> [What to produce]: With the pictures left out, restate every entry word for word.
# # # #
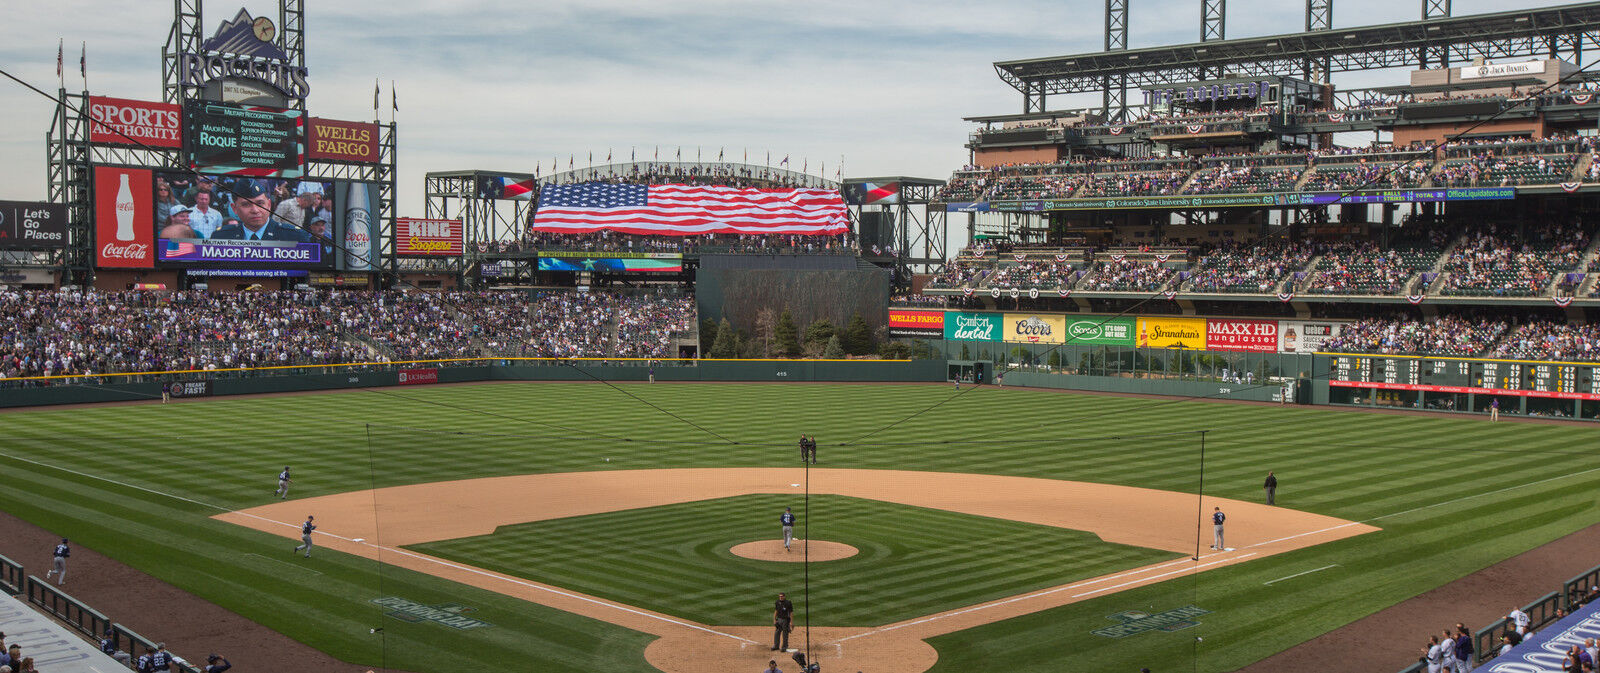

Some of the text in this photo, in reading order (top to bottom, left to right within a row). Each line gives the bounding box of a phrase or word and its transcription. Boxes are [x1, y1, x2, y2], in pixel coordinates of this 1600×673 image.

[180, 52, 310, 98] ROCKIES
[1142, 81, 1269, 105] THE ROOFTOP
[91, 103, 179, 129] SPORTS
[92, 121, 179, 140] AUTHORITY
[202, 124, 235, 134] MAJOR PAUL
[315, 125, 370, 142] WELLS
[200, 132, 237, 148] ROQUE
[316, 140, 369, 156] FARGO
[1447, 190, 1514, 199] OfficeLiquidators.com
[1144, 199, 1158, 207] State
[1158, 198, 1190, 207] University
[24, 208, 50, 219] Let's
[24, 218, 40, 229] Go
[408, 221, 451, 238] KING
[24, 230, 62, 240] Places
[344, 229, 370, 242] Coors
[102, 242, 148, 259] Coca-Cola
[408, 236, 452, 254] Soopers
[202, 247, 310, 260] MAJOR PAUL ROQUE
[890, 314, 944, 324] WELLS FARGO
[956, 314, 989, 326] Comfort
[954, 324, 994, 340] dental
[1016, 320, 1052, 335] Coors
[1150, 325, 1200, 340] Stranahan's
[1208, 322, 1276, 336] MAXX HD
[1305, 324, 1325, 335] weber
[1208, 335, 1275, 344] sunglasses
# # # #
> [Solution]:
Some of the text in this photo, in reading order (top to bottom, left to right within a row). Each line gives the bounding box of a phrase or word and its transcription. Boxes are [x1, y1, x2, y2], in pixel coordinates of this 1600×673 image.

[180, 52, 310, 98] ROCKIES
[1142, 81, 1269, 105] THE ROOFTOP
[91, 103, 179, 129] SPORTS
[92, 121, 179, 140] AUTHORITY
[202, 124, 235, 134] MAJOR PAUL
[315, 125, 370, 142] WELLS
[200, 132, 237, 148] ROQUE
[316, 140, 369, 156] FARGO
[1447, 190, 1514, 199] OfficeLiquidators.com
[1144, 199, 1158, 207] State
[1158, 198, 1190, 207] University
[24, 208, 50, 219] Let's
[24, 218, 40, 229] Go
[408, 221, 451, 238] KING
[24, 230, 62, 240] Places
[344, 229, 370, 242] Coors
[102, 242, 148, 259] Coca-Cola
[408, 236, 452, 254] Soopers
[202, 247, 310, 260] MAJOR PAUL ROQUE
[890, 314, 944, 324] WELLS FARGO
[956, 314, 989, 326] Comfort
[954, 324, 994, 340] dental
[1016, 320, 1052, 335] Coors
[1150, 325, 1200, 340] Stranahan's
[1208, 322, 1276, 336] MAXX HD
[1305, 324, 1325, 335] weber
[1208, 335, 1275, 344] sunglasses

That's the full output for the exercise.